- Date: 31 October–6 November
- Edition: 3rd
- Category: Grand Prix
- Draw: 32S / 16D
- Prize money: $100,000
- Surface: Hard / outdoor
- Location: São Paulo, Brazil
- Venue: Hotel Transamerica

Champions

Singles
- Jay Berger

Doubles
- Jay Berger / Horacio de la Peña
- ← 1987 · ATP São Paulo · 1989 →

= 1988 Ford Cup =

The 1988 Ford Cup was a men's tennis tournament played on outdoor hard courts at the Hotel Transamerica in São Paulo, Brazil that was part of the 1988 Nabisco Grand Prix.
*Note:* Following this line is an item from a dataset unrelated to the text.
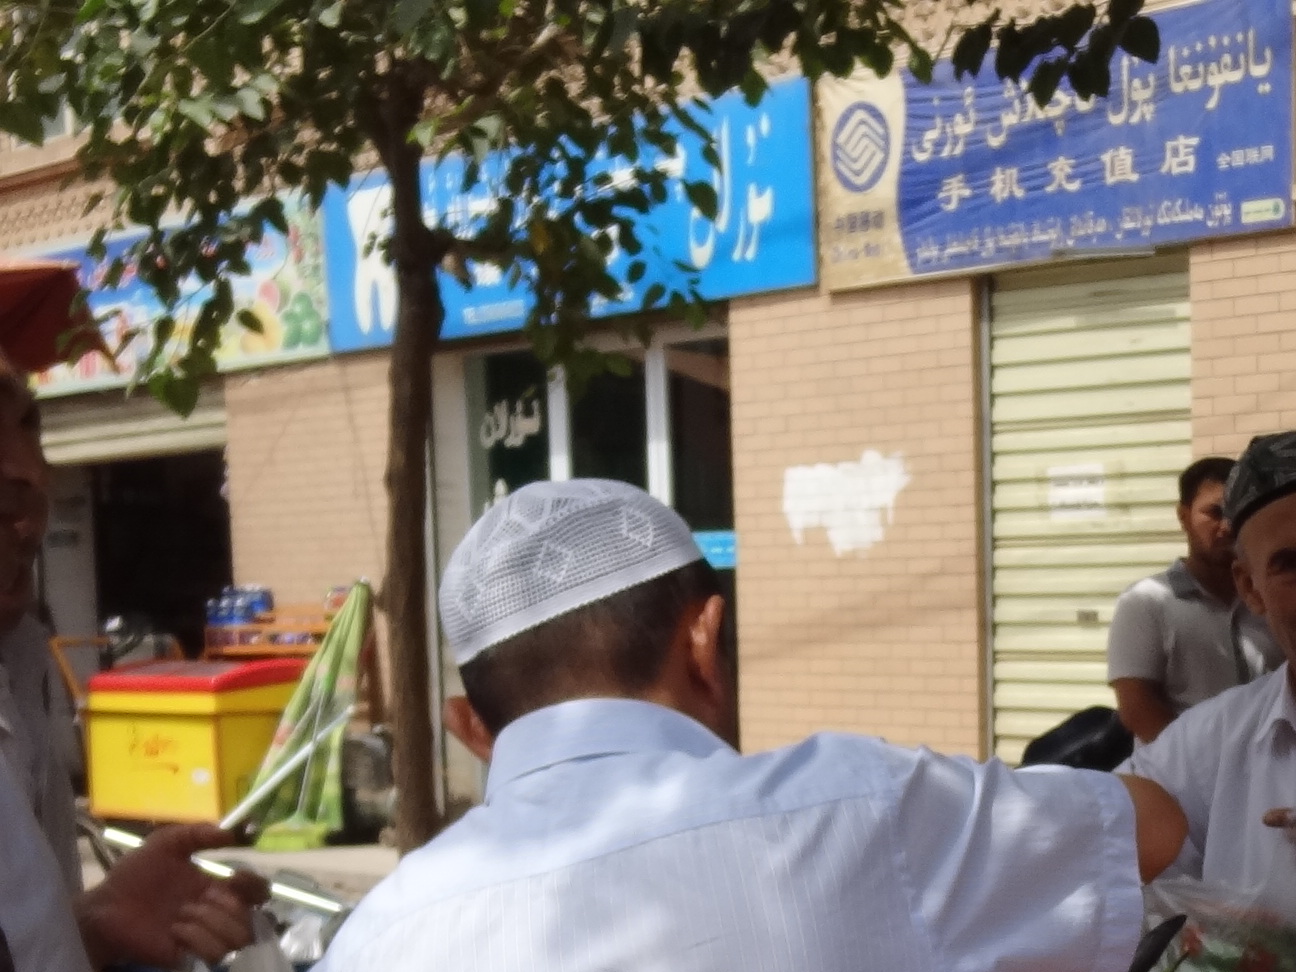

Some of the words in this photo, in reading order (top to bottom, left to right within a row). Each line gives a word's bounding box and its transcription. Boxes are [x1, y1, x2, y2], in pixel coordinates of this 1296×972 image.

It was the third edition of the tournament and took place from 31 October through 6 November 1988. Second-seeded Jay Berger won the singles title and earned $20,000 first prize money as well as 60 ATP ranking points.

==Finals==
===Singles===

USA Jay Berger defeated ARG Horacio de la Peña 6–4, 6–4
- It was Berger's only singles title of the year and the 2nd of his career.

===Doubles===

USA Jay Berger / ARG Horacio de la Peña defeated CHI Ricardo Acuña / ESP Javier Sánchez 5–7, 6–4, 6–3
- It was Berger's only doubles title of his career. It was De la Peña's only doubles title of the year and the first of his career.